Short sleep duration is common in adolescents and young adults, and short sleep duration is a risk factor for motor vehicle crash.

OBJECTIVE:

To assess the association between hours of sleep and the risk for motor vehicle crash, including the time of day of crash and types of crash (single, multiple vehicle, run off road, and intersection).

DESIGN:

Prospective cohort study.

SETTING:

New South Wales, Australia.

PARTICIPANTS:

Questionnaire responses were obtained from 20,822 newly licensed drivers aged 17 to 24 years.

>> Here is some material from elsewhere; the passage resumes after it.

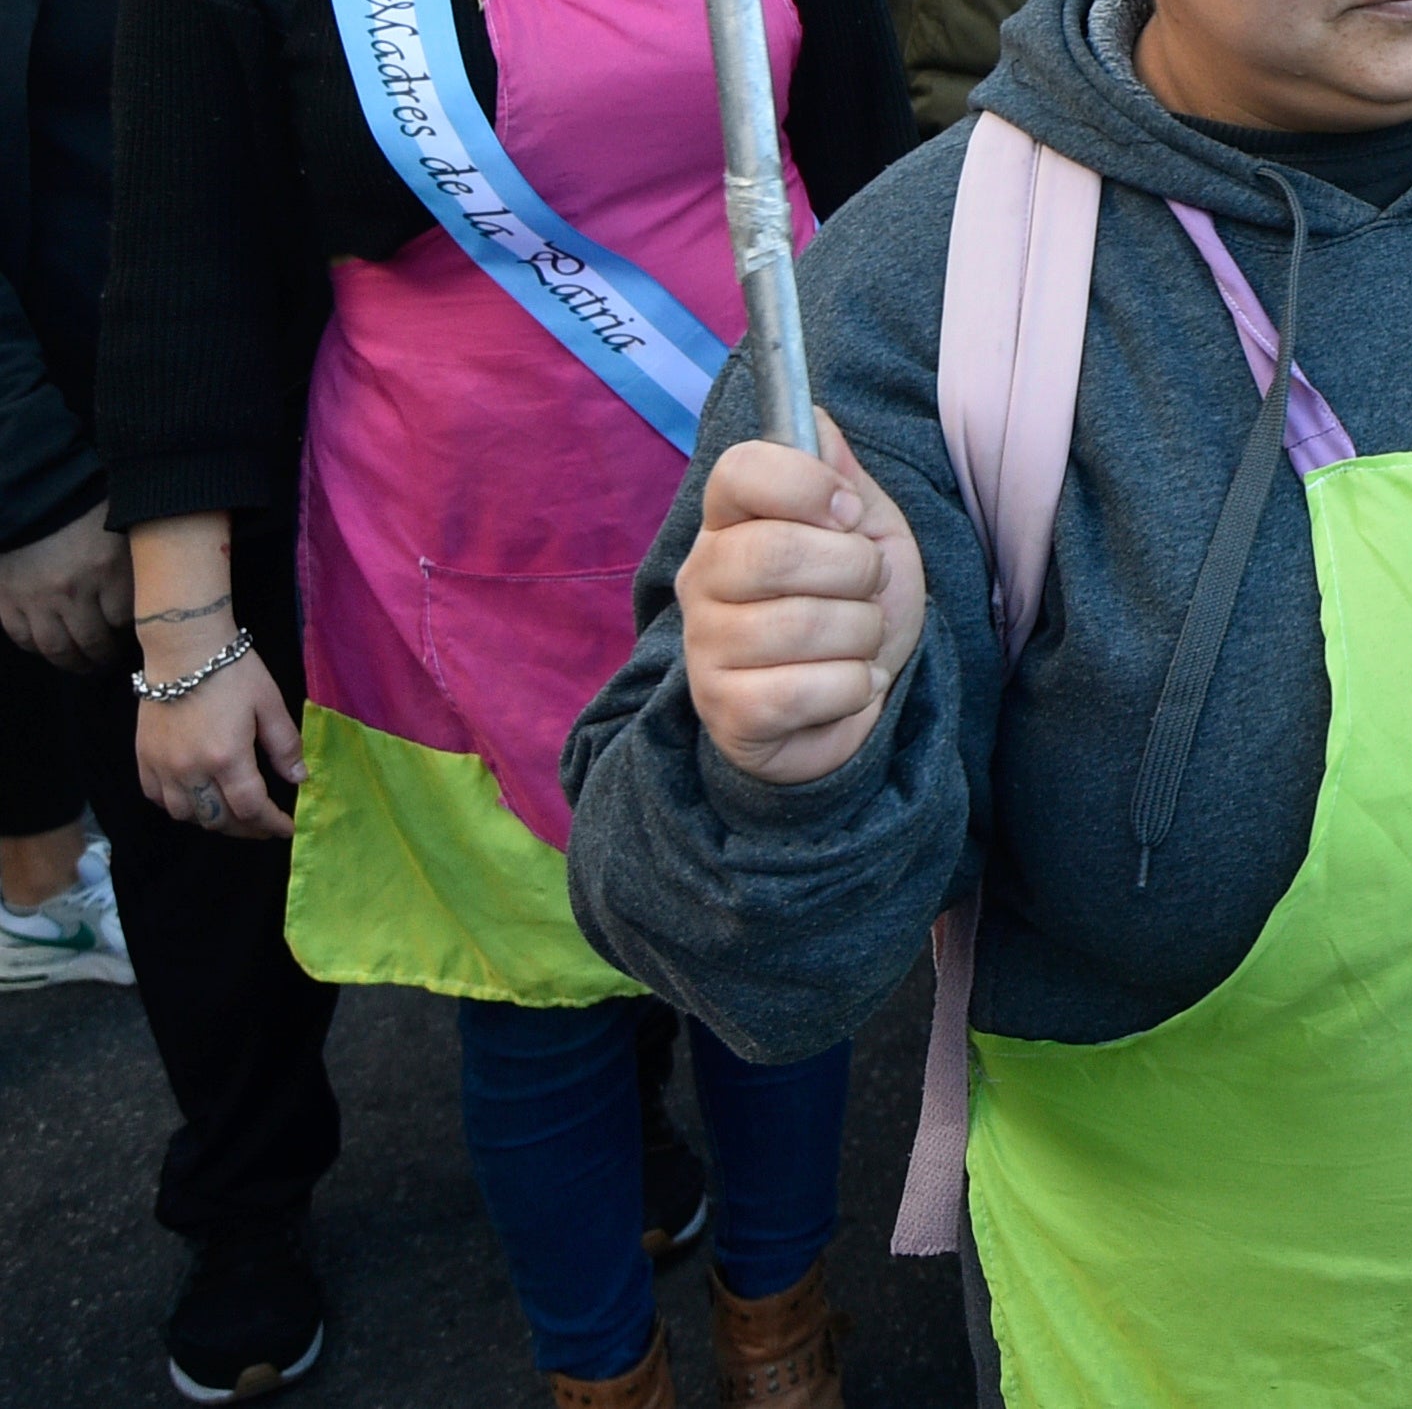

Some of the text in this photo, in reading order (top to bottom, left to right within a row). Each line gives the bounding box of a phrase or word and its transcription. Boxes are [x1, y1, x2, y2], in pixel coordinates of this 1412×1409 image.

[419, 152, 474, 199] de
[462, 208, 514, 241] la
[517, 240, 647, 356] Patria

Participants held a first-stage provisional license between June 2003 and December 2004 prospectively linked to licensing and police-reported crash data, with an average of 2 years of follow-up. Analyses were conducted on a subsample of 19,327 participants for which there was full information.

EXPOSURE:

Sleeping 6 or fewer hours per night.

MAIN OUTCOMES AND MEASURES:

The main outcome variable was police-reported crash. Multivariable Poisson regression models were used to investigate the role of sleep duration on the risk for crash.

RESULTS:

On average, those who reported sleeping 6 or fewer hours per night had an increased risk for crash compared with those who reported sleeping more than 6 hours (relative risk [RR], 1.21; 95% CI, 1.04-1.41). Less weekend sleep was significantly associated with an increased risk for run-off-road crashes (RR, 1.55; 95% CI, 1.21-2.00). Crashes for individuals who had less sleep per night (on average and on weekends) were significantly more likely to occur between 8 pm and 6 am (RR, 1.86; 95% CI, 1.11-3.13, for midnight to 5:59 am and RR, 1.66; 95% CI, 1.15-2.39, for 8:00 pm to 11:59 pm).

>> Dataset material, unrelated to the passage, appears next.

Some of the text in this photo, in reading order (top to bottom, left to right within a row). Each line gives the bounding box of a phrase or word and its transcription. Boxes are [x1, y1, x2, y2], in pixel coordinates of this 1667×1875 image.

CONCLUSIONS AND RELEVANCE:

Less sleep per night significantly increased the risk for crash for young drivers. Less sleep on weekend nights increased the risk for run-off-road crashes and crashes occurring in the late-night hours. This provides rationale for governments and health care providers to address sleep-related crashes among young drivers.